The procession of awards was augmented with performances from some of the nominated musicals and performances including Lewis who roused the audience with an impassioned “Before the Parade Passes By,” Kate Shindle, nominated for her performance as Sally Bowles, who dug into the guts of the title song from Cabaret; Jodie Langel, nominated for her turn as a bipolar mother in Actors’ Playhouse’s next to normal, sang the heart-breaking “I Miss the Mountains;”  and Wayne LeGette, nominated for his soul-curdled performer in the Theatre at Arts Garage’s Cabaret Verboten performed  “The Stock Exchange Song.”

As usual, the ceremony nicknamed Theater Prom was preceded by an hour of theater professionals dressed in gowns and tuxes, greeting old acquaintances they hadn’t seen in months, trading gossip about their last show, offering news of their next gigs and bemoaning the competitive aspect of the awards. Media outlets including Iris Acker of BCON TV and Neil Hecker of WPBT interviewed nominees in the forecourt of the theater. For the first time in recent memory, the Amaturo Theater was nearly sold out.

Attendees were also invited to be photographed in bed before the show that had been placed in the lobby. The South Florida Theatre League sponsored the stunt to kick off its awareness-raising campaign “Get in Bed with the Arts.” On Thursdays through Aug. 31, the bed will make appearances at some of the member theaters whose names appear on the skirt of the bed. The interviews and photos will be posted on the South Florida Theatre League’s website (www.southfloridatheatre.com/).

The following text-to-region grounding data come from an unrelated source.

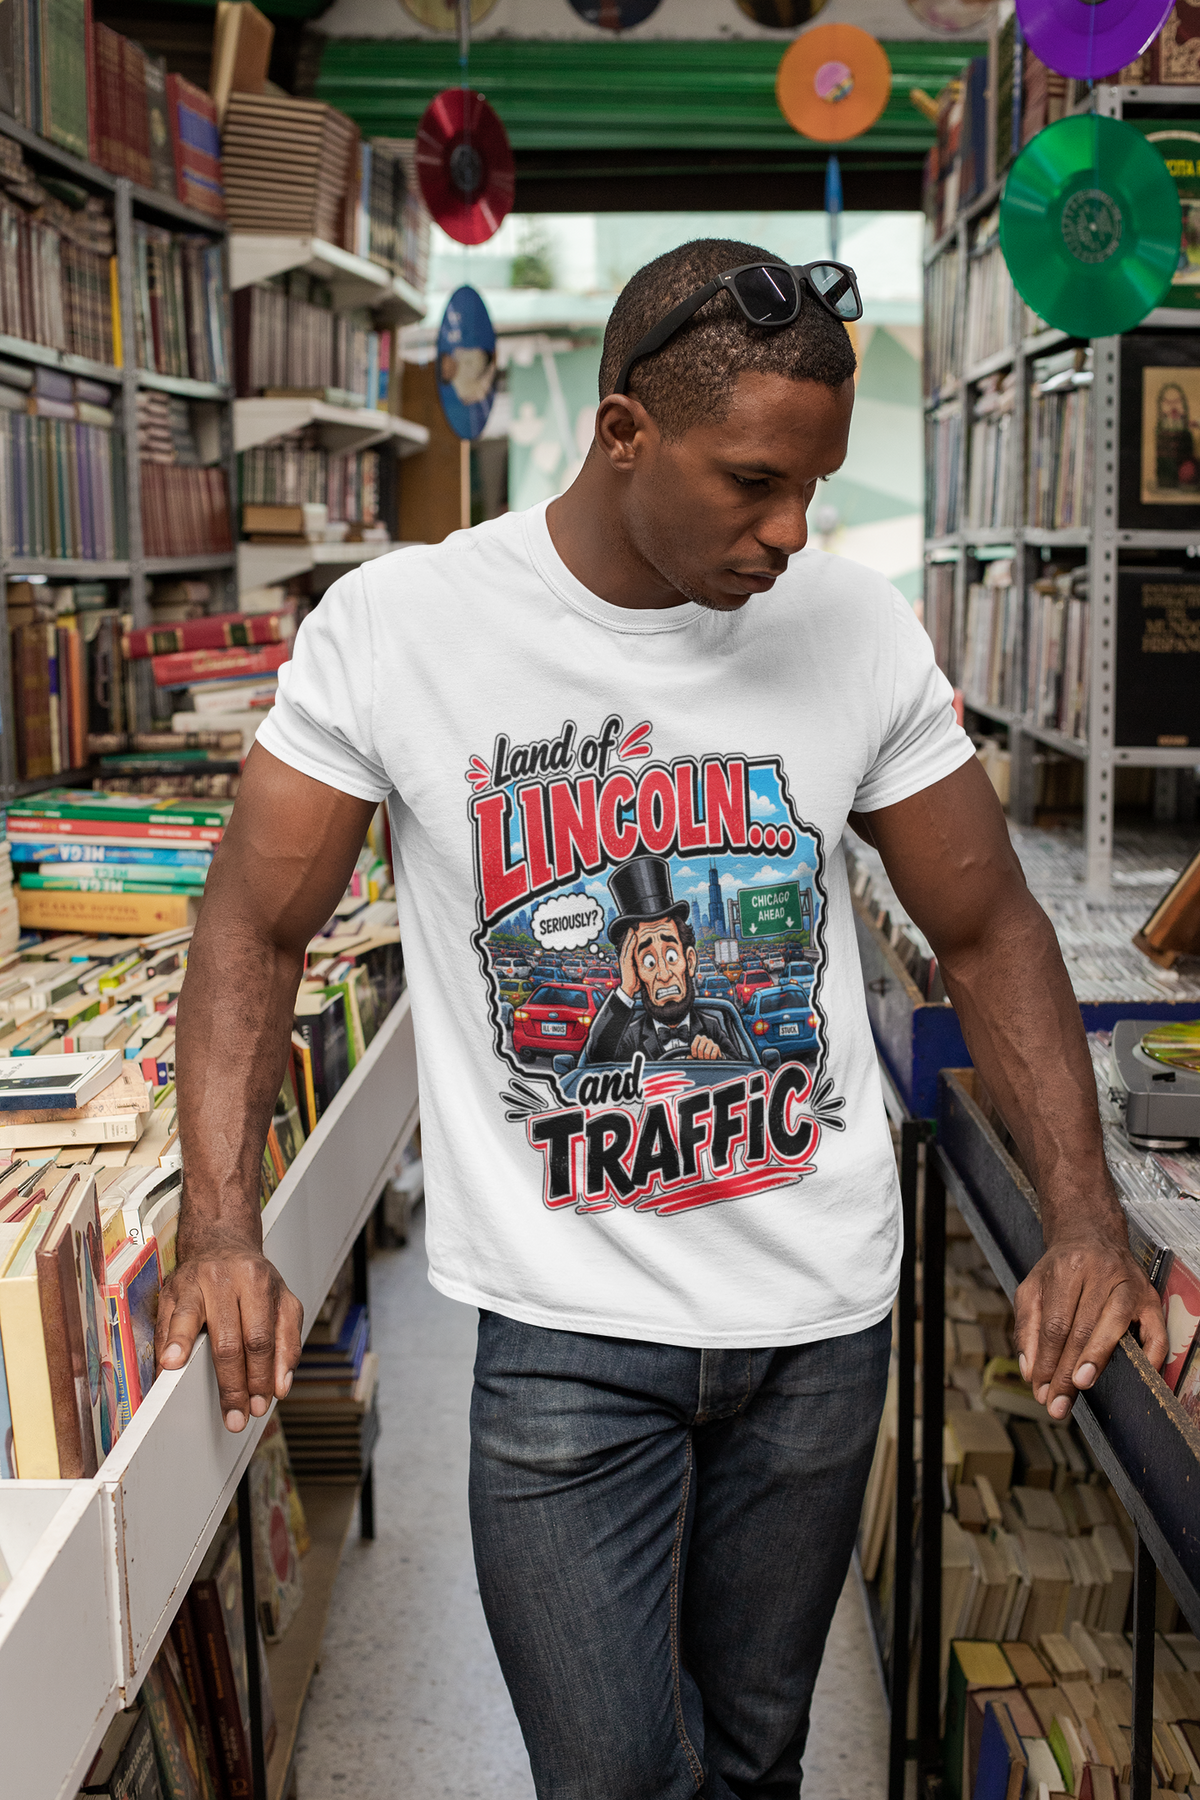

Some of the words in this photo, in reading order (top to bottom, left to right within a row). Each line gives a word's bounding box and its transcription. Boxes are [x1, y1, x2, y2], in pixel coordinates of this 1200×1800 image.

[494, 724, 574, 787] Land
[580, 718, 620, 778] of
[752, 891, 790, 908] CHICAGO
[540, 910, 599, 935] SERIOUSLY?
[758, 907, 786, 922] AHEAD
[780, 1025, 798, 1035] STUCK
[579, 1055, 643, 1106] and

The ceremony was underwritten this year by the South Florida  Cultural Consortium , Adrienne Arsht Center for the Performing Arts of Miami-Dade County, the Broward Center for the Performing Arts, Actors’ Equity Association, Dr. Margaret and Mike Eidson, Rita and Jerry Cohen, designel, Don Walters, Kerry and Scott Shiller, South Miami-Dade Cultural Arts Center, producer Ann Kelly, patrons Mary Ellen and Michael Peyton, playwright Tony Finstrom, producer Neil Goldberg’s Dream Foundation & Cirque Dreams, Esslinger Wooten Maxwell (EWM) Realty, Broadway Across America, Broward Cultural Division, ArtServe, Palm Beach County Cultural Division and the South Florida Theatre League.

The ceremony was followed by an after-party sponsored by the South Florida Theatre League.

The Carbonell Awards were created in 1975 by a group of South Florida critics to encourage excellence in regional theater as well as national tour companies’ productions. As the number of theaters grew across the three counties, the work load grew and the number of full-time critics seeing all the shows in the region shrank. The judging panel was expanded in 1992 to include theater professionals and knowledgeable civilians. Evolving and reorganizing over the years, it has become one of the premiere regional theater honors along with Chicago’s Joseph Jefferson Awards and the recently defunct Helen Hayes Awards in Washington, D.C.

Initially called the Theatre Circle Awards and later the South Florida Variety Awards, the honors were renamed in 1978 for Manuel Carbonell, an internationally renowned Miami-based sculptor who designed and donated the solid bronze and marble egg-shaped statues.